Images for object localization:
● ● ● ● ● ● ●

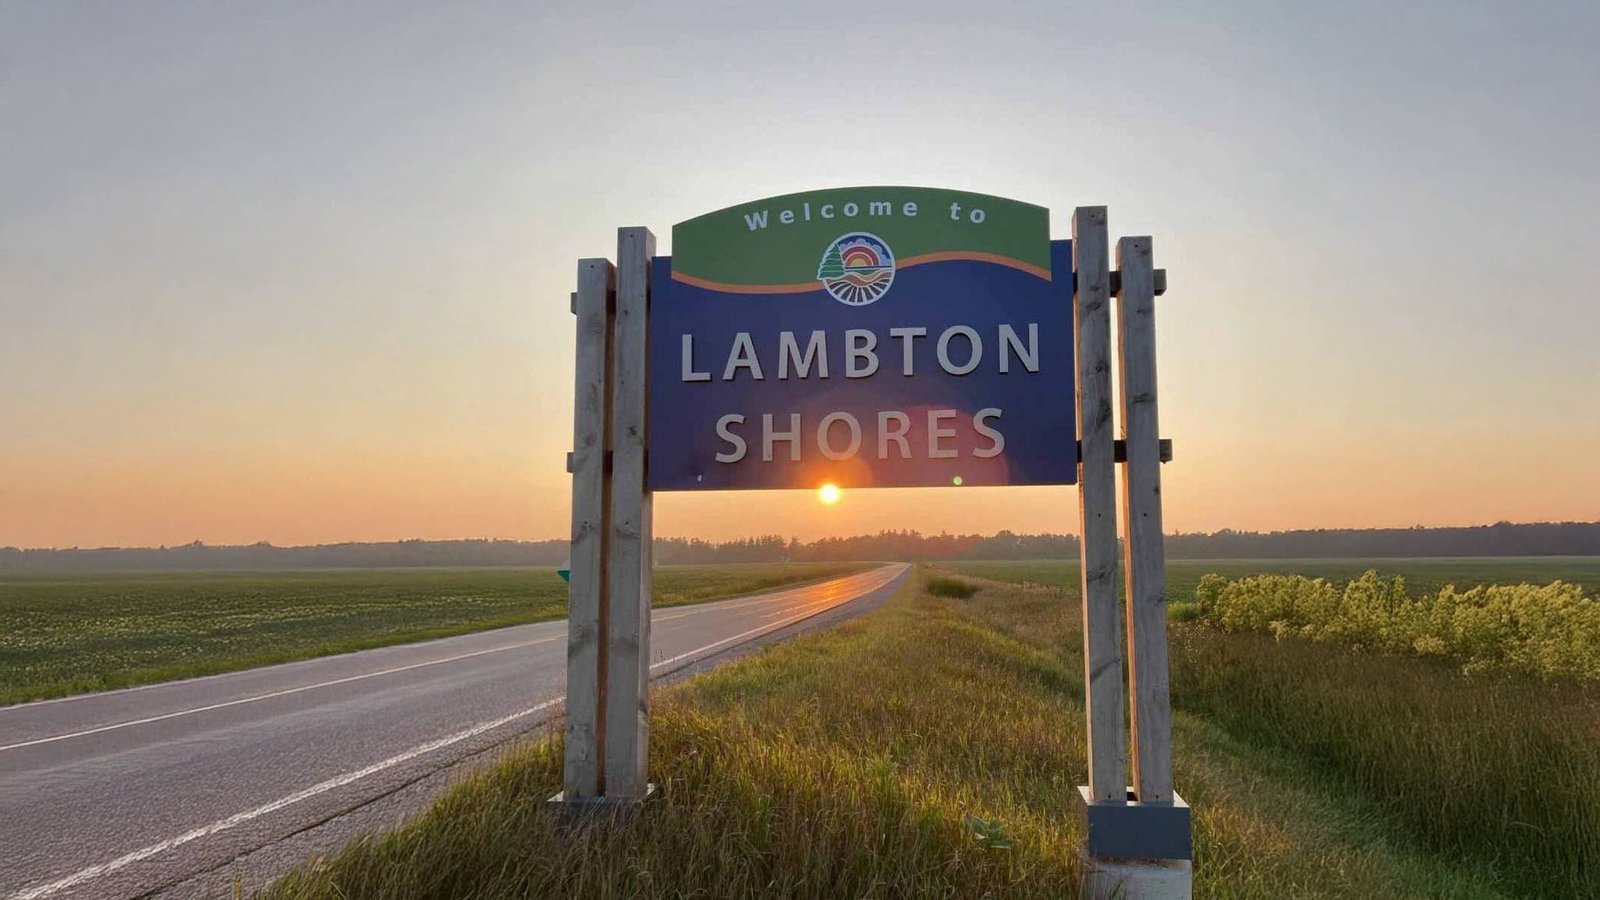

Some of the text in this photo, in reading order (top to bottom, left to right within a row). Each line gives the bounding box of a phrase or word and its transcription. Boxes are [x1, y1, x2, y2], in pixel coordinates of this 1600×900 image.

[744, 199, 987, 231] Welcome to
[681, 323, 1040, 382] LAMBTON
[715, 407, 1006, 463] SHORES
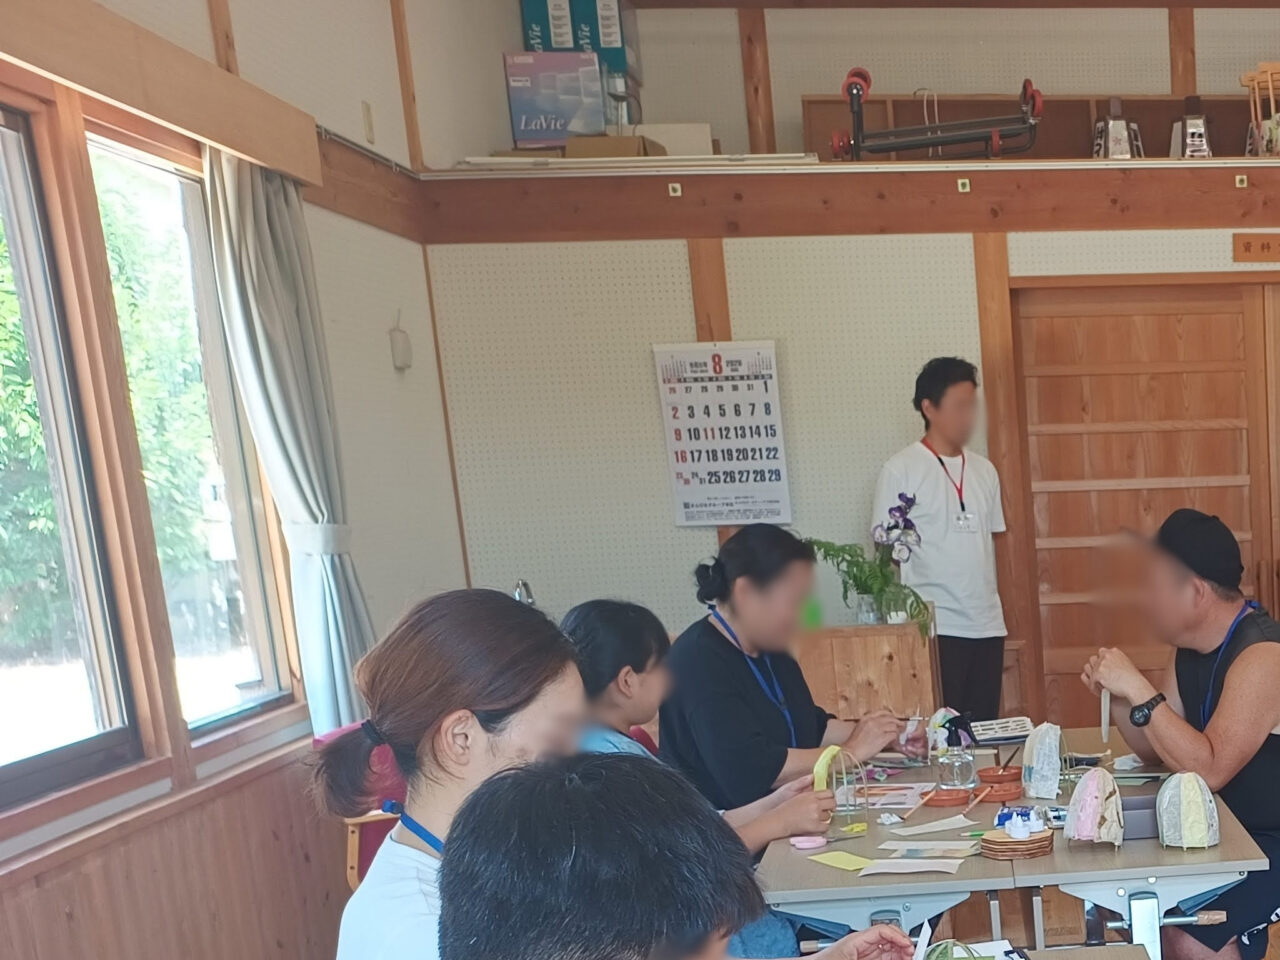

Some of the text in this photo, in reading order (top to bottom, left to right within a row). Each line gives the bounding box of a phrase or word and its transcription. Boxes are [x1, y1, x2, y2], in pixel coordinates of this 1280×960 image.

● ● ● ● ● ● ●

**ASSIGNMENT:**
Print out the entries once more, unchanged. No pictures.

**OUTPUT OF THE EXERCISE:**
Some of the text in this photo, in reading order (top to bottom, left to right within a row). Each line gives the bounding box of a phrase or word and its transcription. Boxes are [x1, y1, x2, y2], in pixel coordinates of this 1600×900 image.

[744, 199, 987, 231] Welcome to
[681, 323, 1040, 382] LAMBTON
[715, 407, 1006, 463] SHORES

Some of the text in this photo, in reading order (top to bottom, left to right within a row). Each line gives the bounding box of a phrase or word and its transcription. Boxes are [x1, y1, x2, y2], in pixel coordinates of this 1280×960 image.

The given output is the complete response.